** Input records **
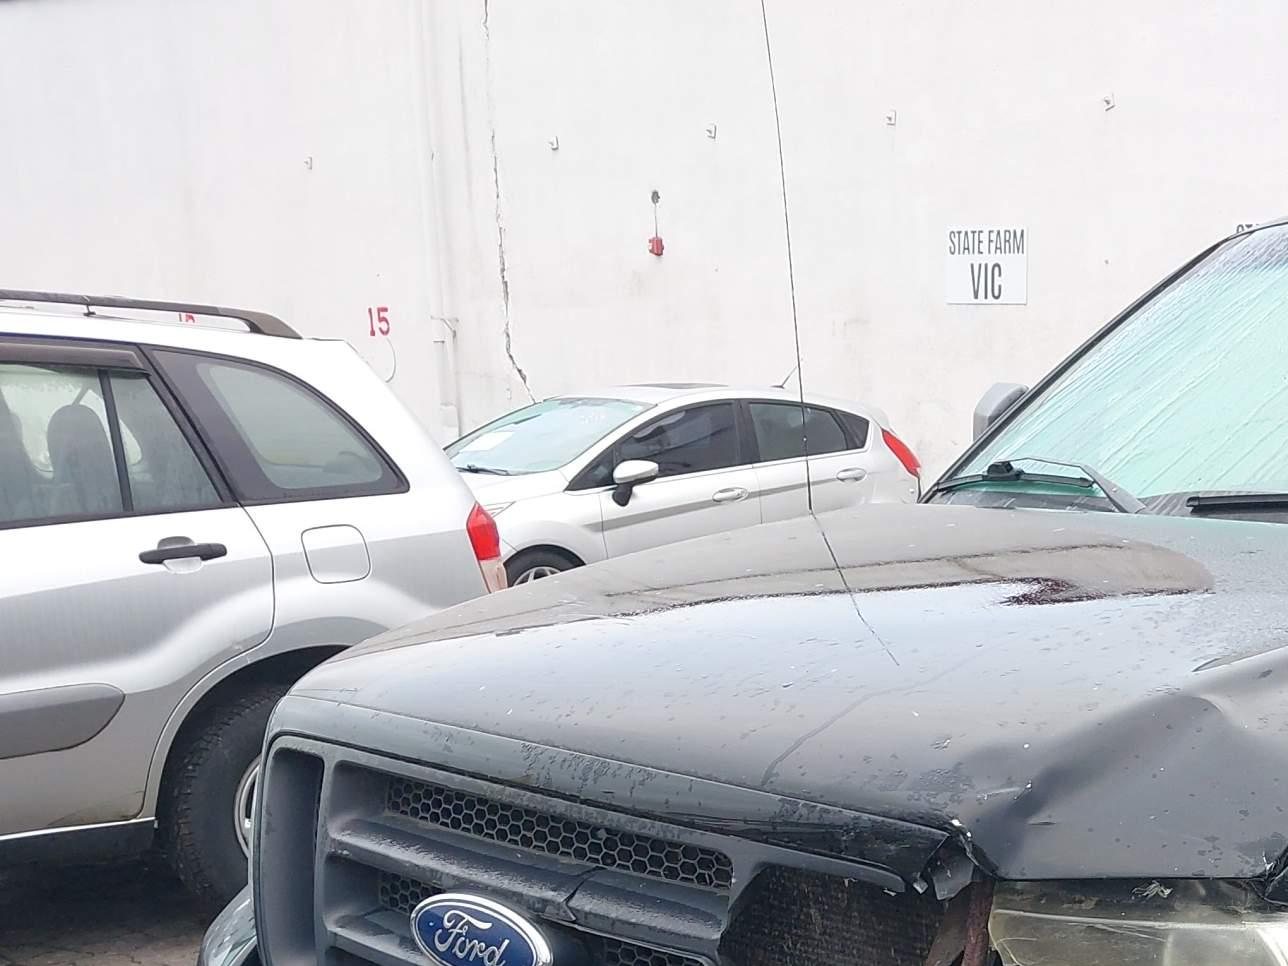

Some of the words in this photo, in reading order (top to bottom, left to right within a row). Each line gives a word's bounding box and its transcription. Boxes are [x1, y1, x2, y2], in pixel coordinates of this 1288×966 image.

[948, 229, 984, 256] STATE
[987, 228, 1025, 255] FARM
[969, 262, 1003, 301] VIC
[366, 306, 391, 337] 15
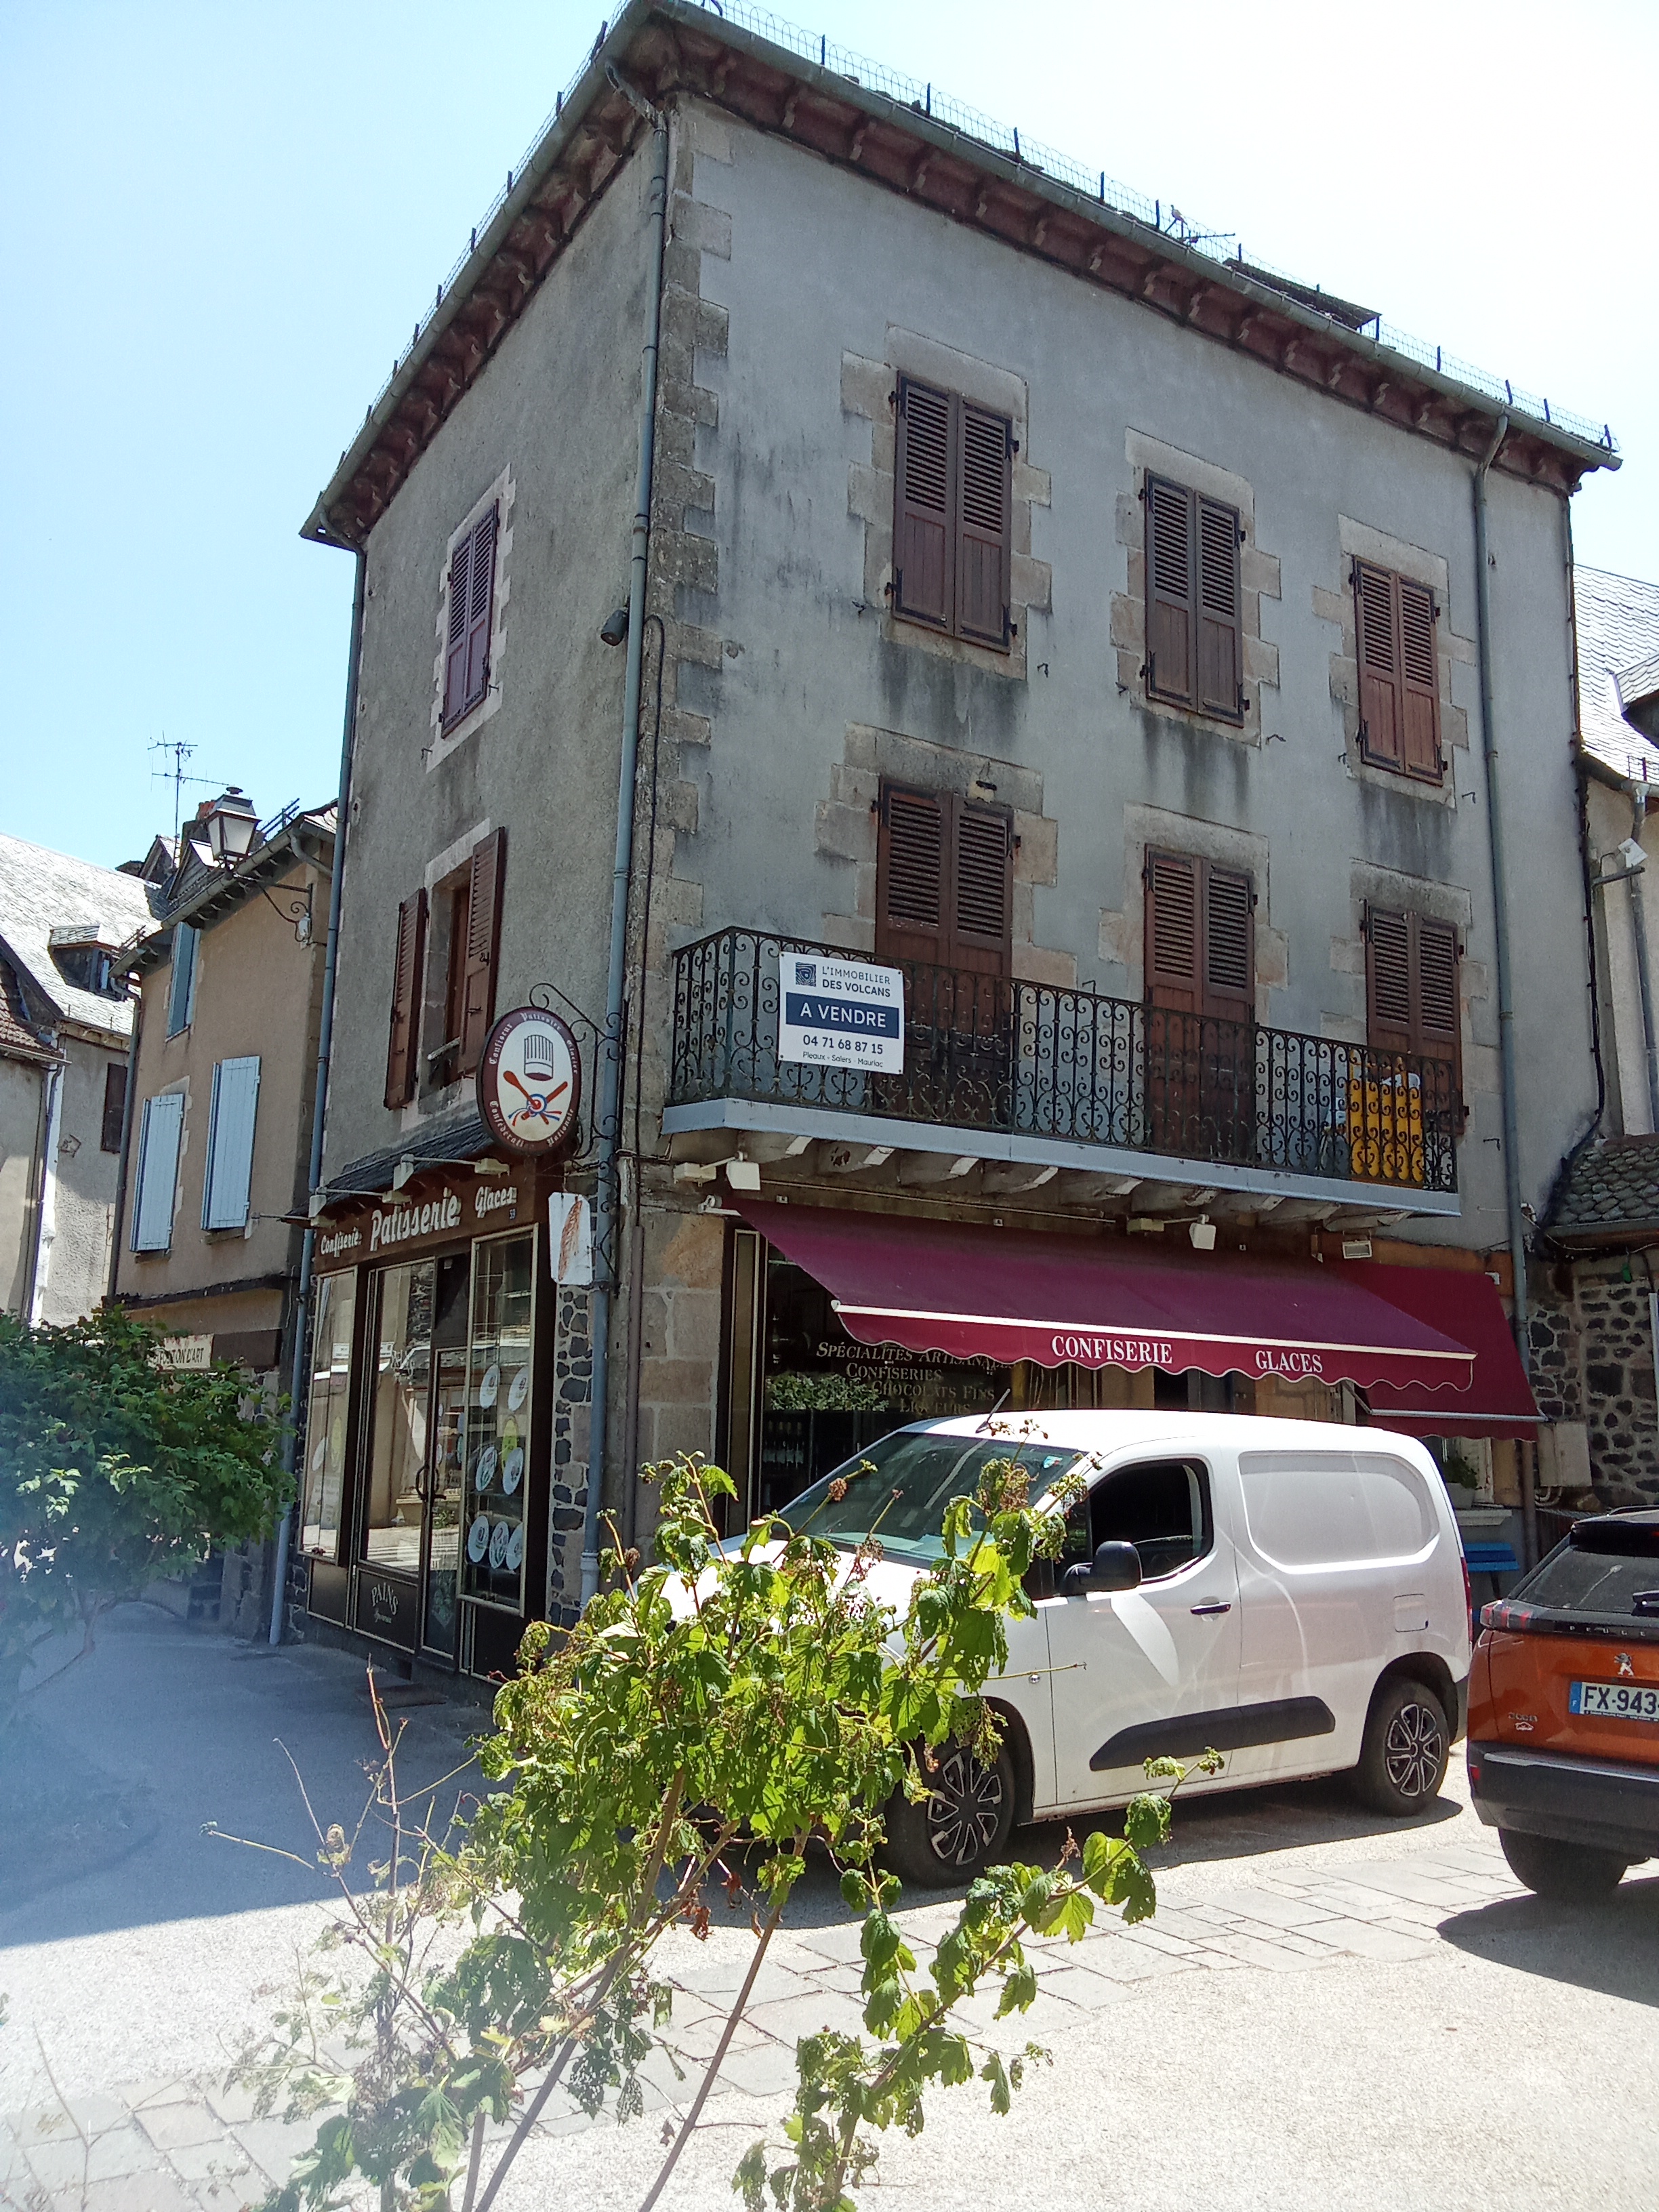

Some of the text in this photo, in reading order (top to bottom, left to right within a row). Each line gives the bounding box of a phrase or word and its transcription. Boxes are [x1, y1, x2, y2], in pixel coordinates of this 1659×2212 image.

** Try it **
From start to finish, output the listing exactly, but omit its pictures.

** Answer for the task **
Some of the words in this photo, in reading order (top to bottom, left to right within a row). Each line gives a word's bounding box and its transcription. Boxes are [x1, y1, x2, y2], in pixel coordinates of this 1288×966 image.

[948, 229, 984, 256] STATE
[987, 228, 1025, 255] FARM
[969, 262, 1003, 301] VIC
[366, 306, 391, 337] 15

Some of the text in this photo, in reading order (top to bottom, left to right within a row). Each line gives the bounding box of a phrase or word and its transcription. Boxes are [x1, y1, x2, y2], in pixel coordinates of this 1659×2212 image.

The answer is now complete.